Omit the pictures found among the records and print everything else exactly as it stands.

======

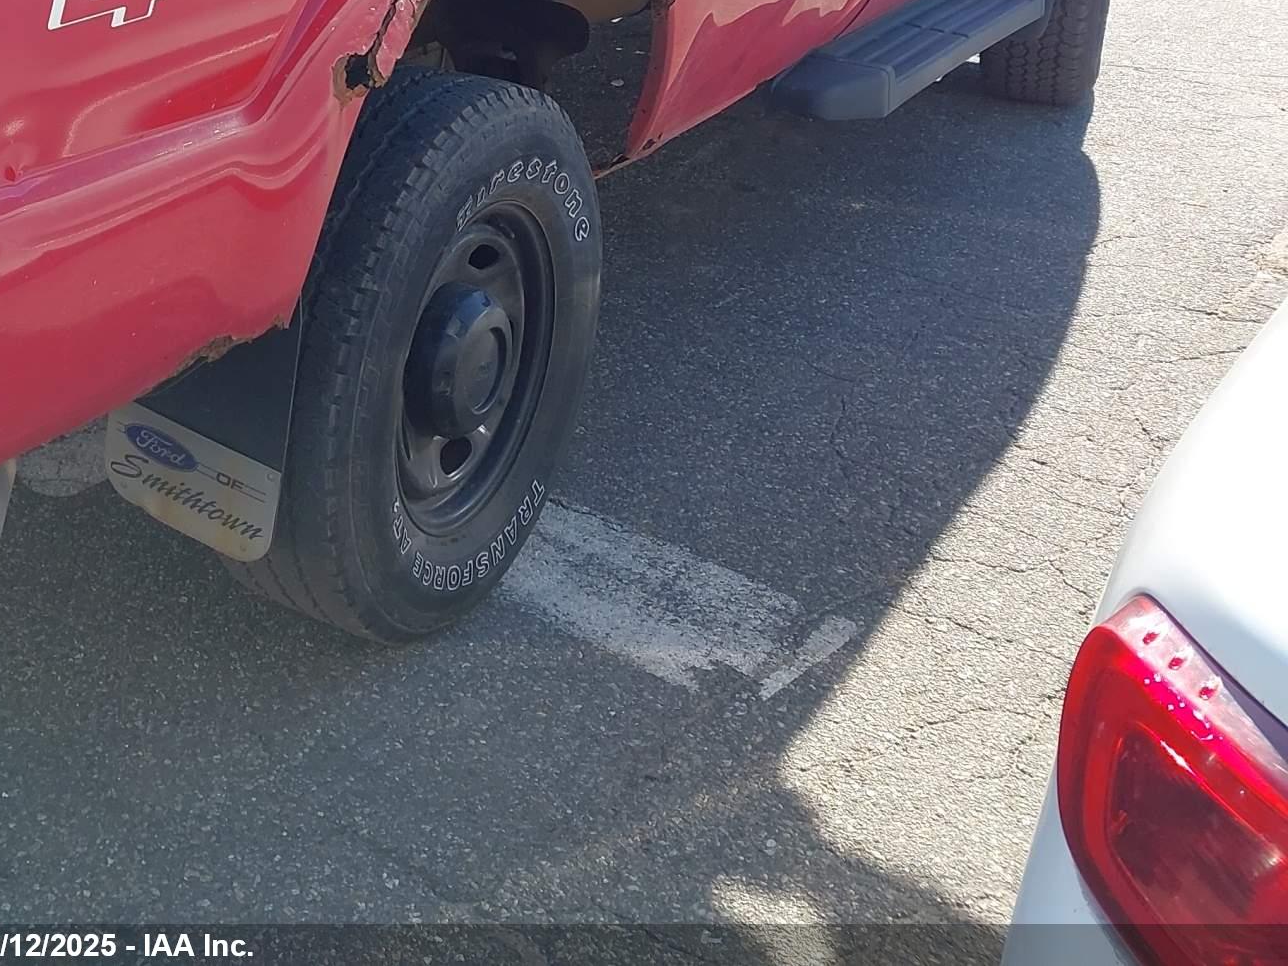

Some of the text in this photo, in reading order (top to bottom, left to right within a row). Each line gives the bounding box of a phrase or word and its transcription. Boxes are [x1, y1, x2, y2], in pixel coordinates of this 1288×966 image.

[456, 156, 590, 242] Firestone
[110, 454, 264, 540] Smithtown
[135, 429, 246, 491] Ford OF
[412, 479, 545, 591] TRANSFORCE
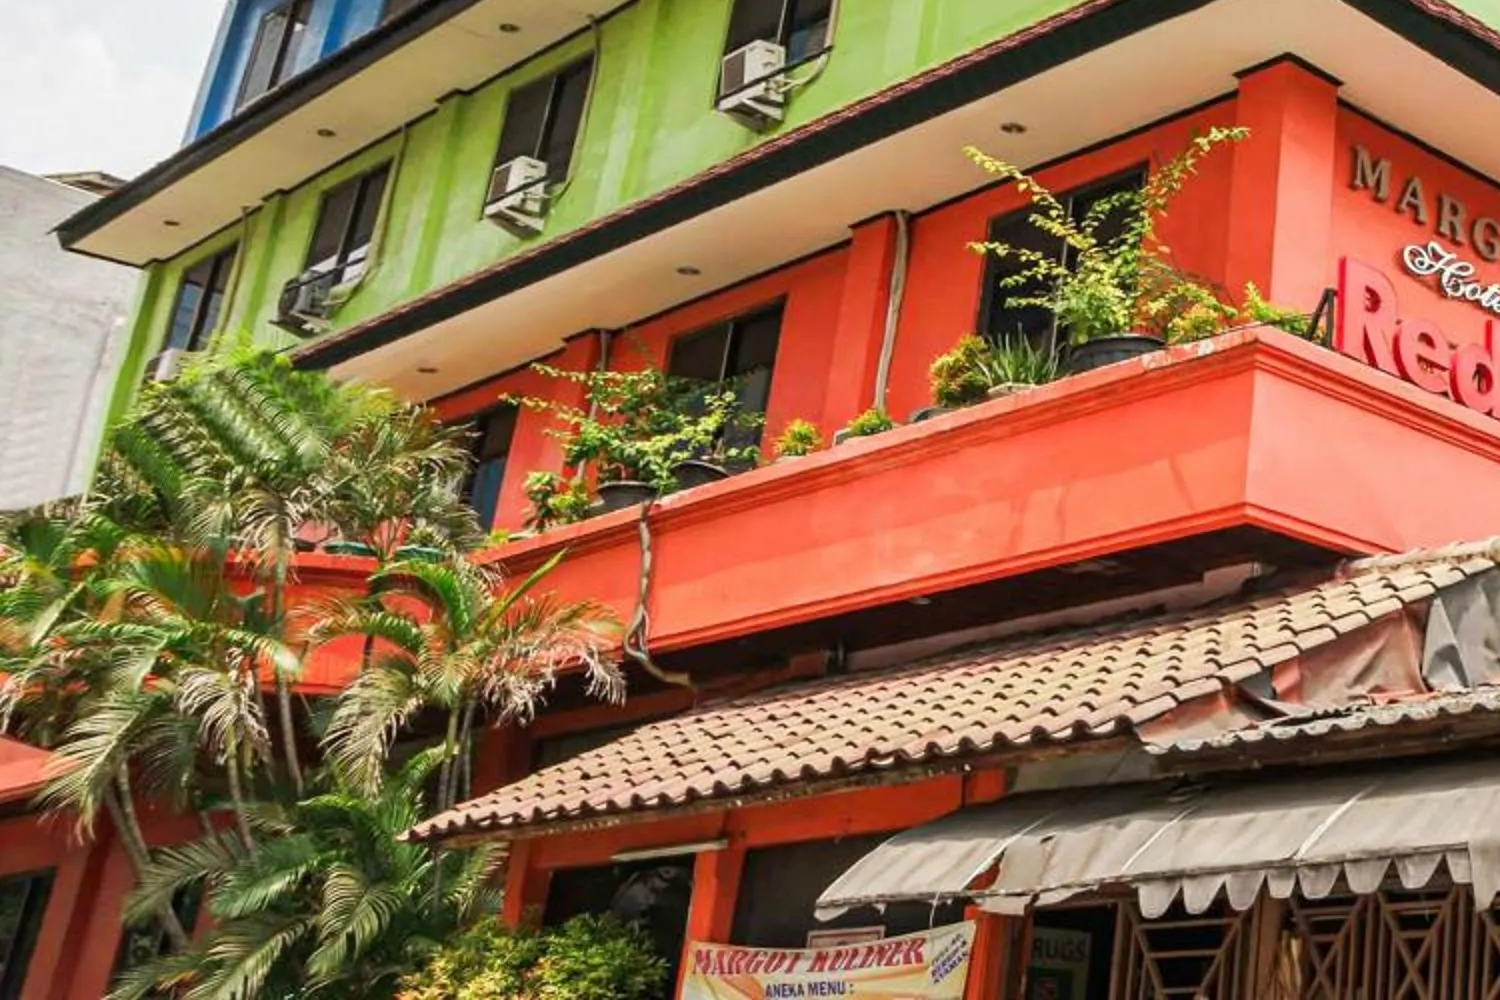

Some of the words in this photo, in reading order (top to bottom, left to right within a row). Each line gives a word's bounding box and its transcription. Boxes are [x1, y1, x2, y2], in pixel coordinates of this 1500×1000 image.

[693, 949, 803, 975] MARGOT
[765, 983, 804, 998] ANEKA
[807, 981, 847, 997] MENU

======

## RESULT OF THE TASK
Some of the text in this photo, in reading order (top to bottom, left to right within a row). Each line gives the bounding box of a phrase or word and its transcription. Boxes are [x1, y1, x2, y2], in pixel coordinates of this 1288×966 image.

[456, 156, 590, 242] Firestone
[110, 454, 264, 540] Smithtown
[135, 429, 246, 491] Ford OF
[412, 479, 545, 591] TRANSFORCE

Some of the words in this photo, in reading order (top to bottom, left to right within a row). Each line gives a word's bounding box and its transcription. Boxes are [x1, y1, x2, y2], in pixel coordinates of this 1500×1000 image.

[693, 949, 803, 975] MARGOT
[765, 983, 804, 998] ANEKA
[807, 981, 847, 997] MENU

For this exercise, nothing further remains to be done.